В тот самый миг, когда он задумался об этой геометрической простоте, пустой прямоугольник заполнился звездами. Гостиничный номер, если он когда-нибудь действительно существовал, исчез: перед ним сверкала спираль Галактики.
Это могло быть и великолепной, невероятно точной моделью, облитой прозрачным пластиком. Но нет — это была реальность, которую он ощущал целиком чувствами более острыми, чем зрение. Он мог, если бы захотел, сосредоточить внимание на любой из ста миллиардов звезд.
Он был здесь — плыл в великом потоке солнц, на полпути между скученными огнями центра Галактики и одинокими, разбросанными сторожевыми звездами окраины. А его родина была там — на той стороне необъятной небесной пропасти, изогнутой полосы свободного от звезд мрака. Однажды он уже пересек это пространство, не по своей воле; теперь, подготовленный гораздо лучше, но все еще не сознающий, какие силы им движут, он должен был преодолеть его снова…

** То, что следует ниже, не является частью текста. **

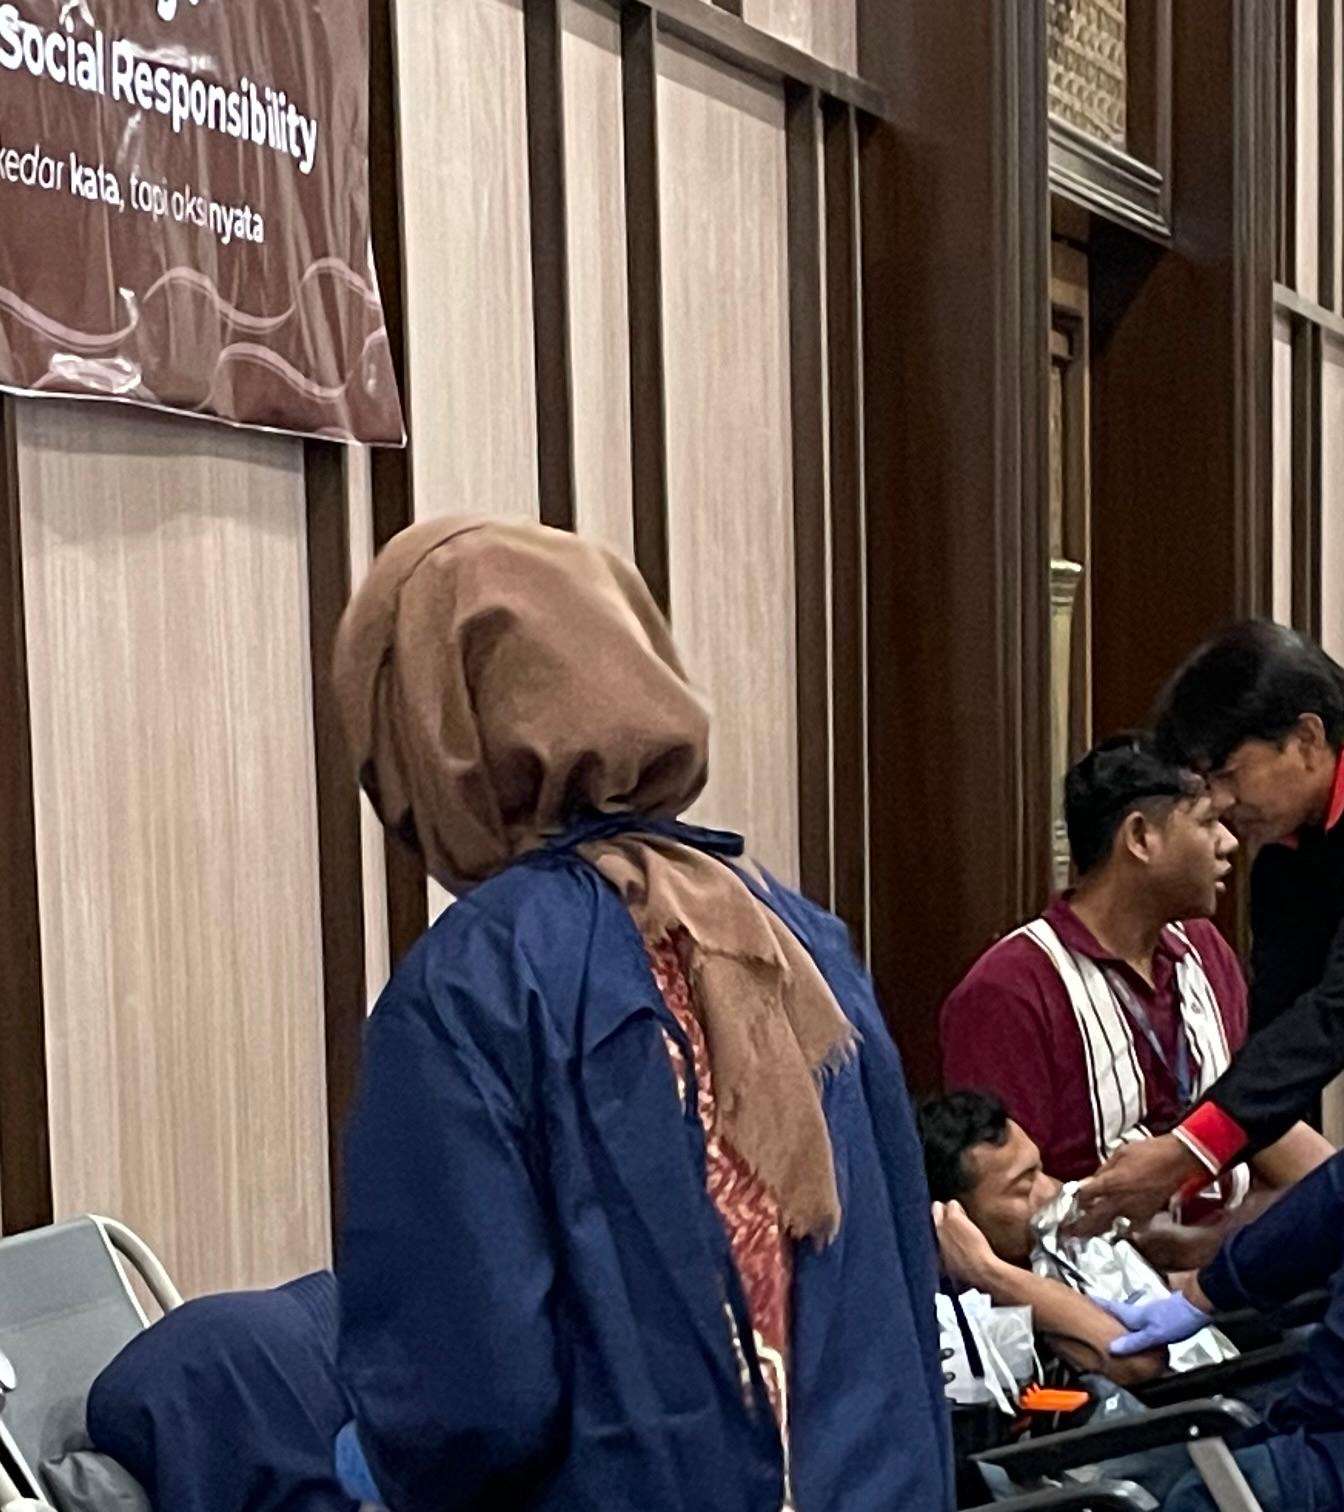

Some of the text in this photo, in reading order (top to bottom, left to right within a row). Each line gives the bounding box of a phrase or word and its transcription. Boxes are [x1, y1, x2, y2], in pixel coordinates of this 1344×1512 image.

[112, 39, 316, 174] Responsibility
[70, 152, 124, 213] kata,
[209, 202, 264, 244] nyata
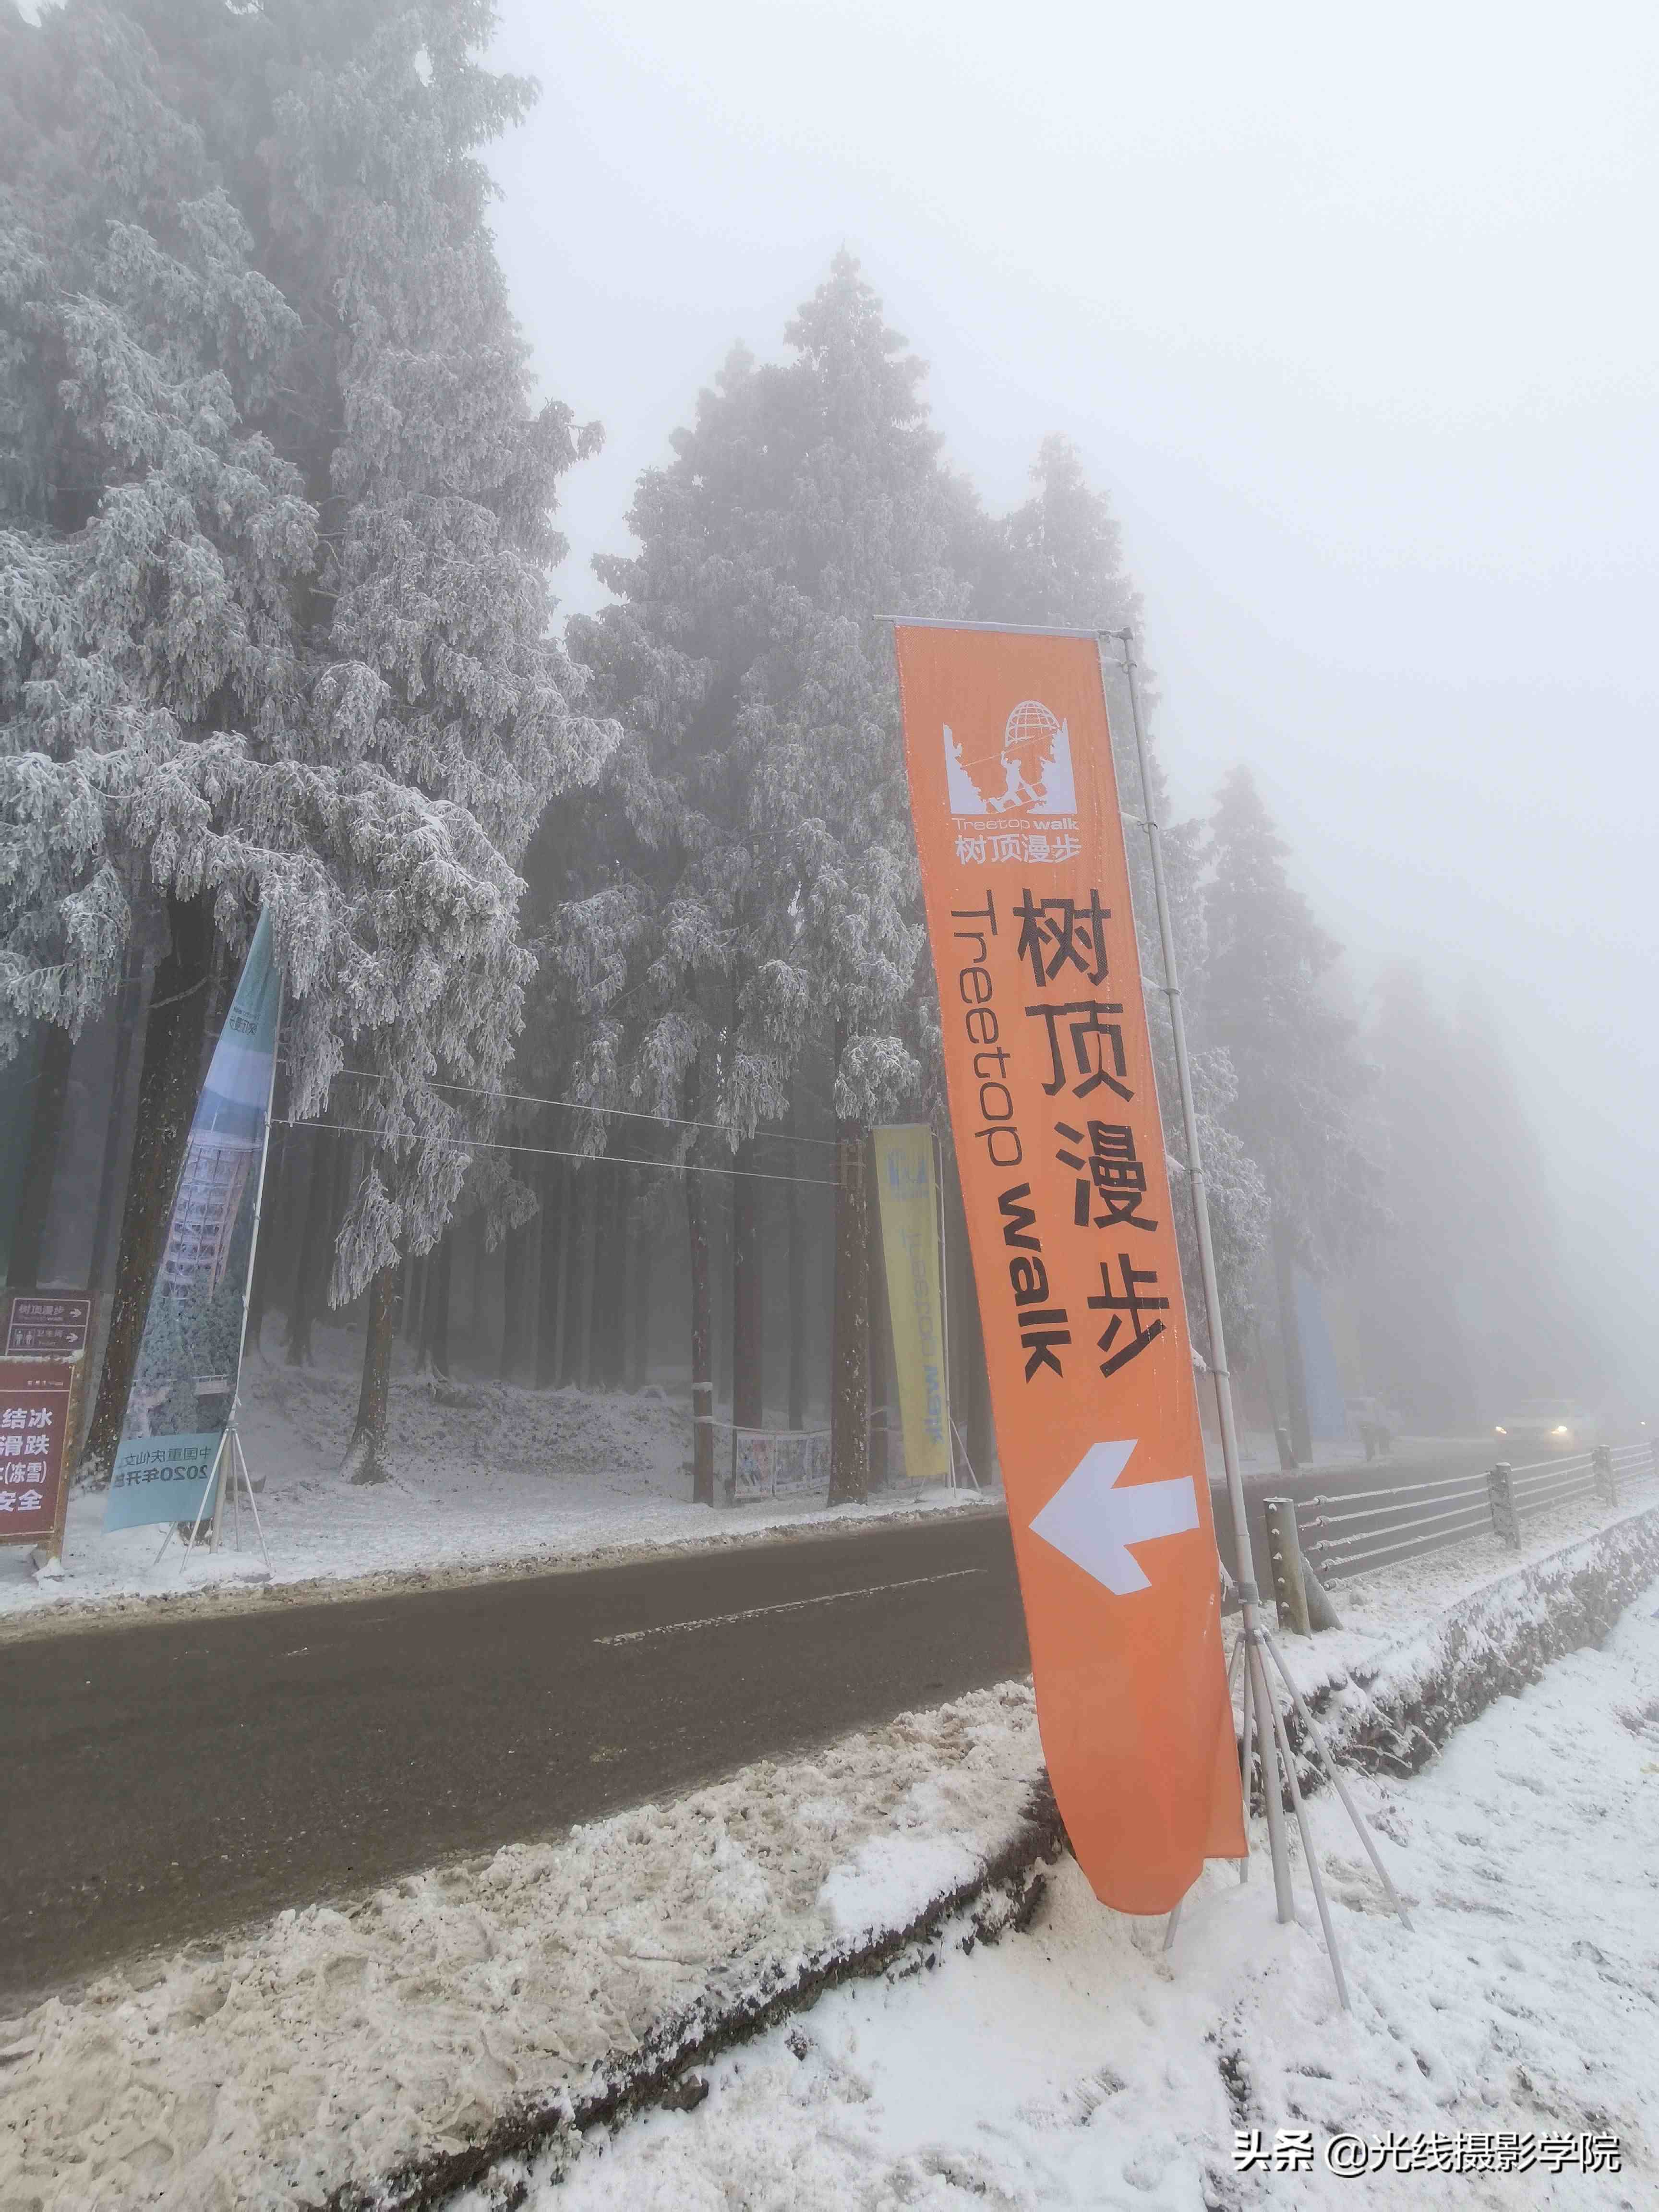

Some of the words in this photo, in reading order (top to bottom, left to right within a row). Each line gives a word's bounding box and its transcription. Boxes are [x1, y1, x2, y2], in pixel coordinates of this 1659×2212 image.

[951, 817, 1030, 830] Treetop
[1033, 817, 1080, 830] walk
[955, 833, 1082, 865] 树顶漫步
[950, 889, 1022, 1166] Treetop
[997, 1182, 1072, 1384] walk
[1012, 888, 1170, 1378] 树顶漫步
[0, 1489, 43, 1512] 安全
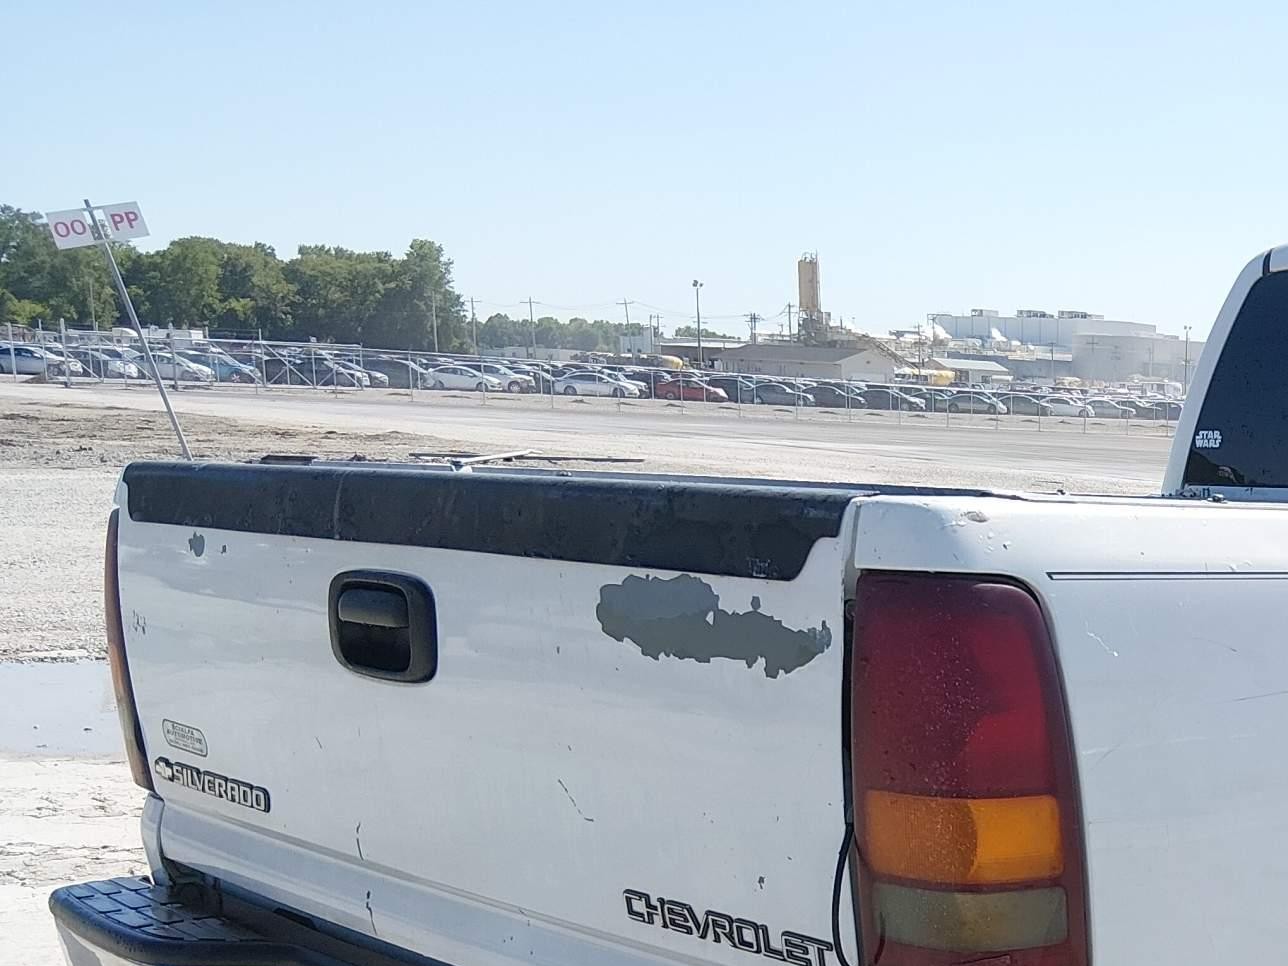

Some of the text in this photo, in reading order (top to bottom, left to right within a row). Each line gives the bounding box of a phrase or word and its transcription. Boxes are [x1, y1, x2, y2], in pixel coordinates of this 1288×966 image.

[53, 219, 87, 238] OO
[110, 211, 139, 232] PP
[1195, 430, 1222, 439] STAR
[1195, 439, 1222, 448] WARS
[172, 762, 270, 813] SILVERADO

Галактика ринулась на него из воображаемой рамы, в которую ее заключил его разум; мимо него самого, казалось на бесконечной скорости, проносились звезды и туманности. Перед ним внезапно вспыхивали солнца — и тут же охлопывались позади, когда он проскальзывал прямо сквозь них.
Звезд стало меньше. Млечный Путь превратился в бледную тень того великолепия, которое он знал — и которое когда-нибудь вновь увидит. Он вернулся в космос людей, в то самое место, откуда — несколько секунд или столетий назад — начался его путь.
Он ярко воспринимал окружающее, причем гораздо сильнее, чем в прежнем существовании, сознавал мириады объектов внешнего мира. Он мог сосредоточиться на любом из них, углубляясь почти бесконечно, пока не наталкивался на фундаментальную, гранулярную структуру пространства — времени, глубже которой был только хаос.
Он мог перемещаться — но не знал, как это ему удается. Но знал ли он это раньше, когда обладал телом? Путь команд от мозга к конечностям был тайной, над которой он никогда не задумывался.
Ничтожное усилие воли, и спектр близкой звезды приобрел голубое смещение — именно такое, какое ему хотелось. Он двигался к ней со скоростью, не так уж далекой от световой; и хотя при желании мог перемещаться еще быстрее, он пока не спешил. Предстояло освоить много информации, многое обдумать — и еще больше приобрести. Это, как он теперь понимал, и было его нынешней целью; но он знал, что это лишь часть плана, гораздо более всеобъемлющего, который станет ему известен в надлежащее время.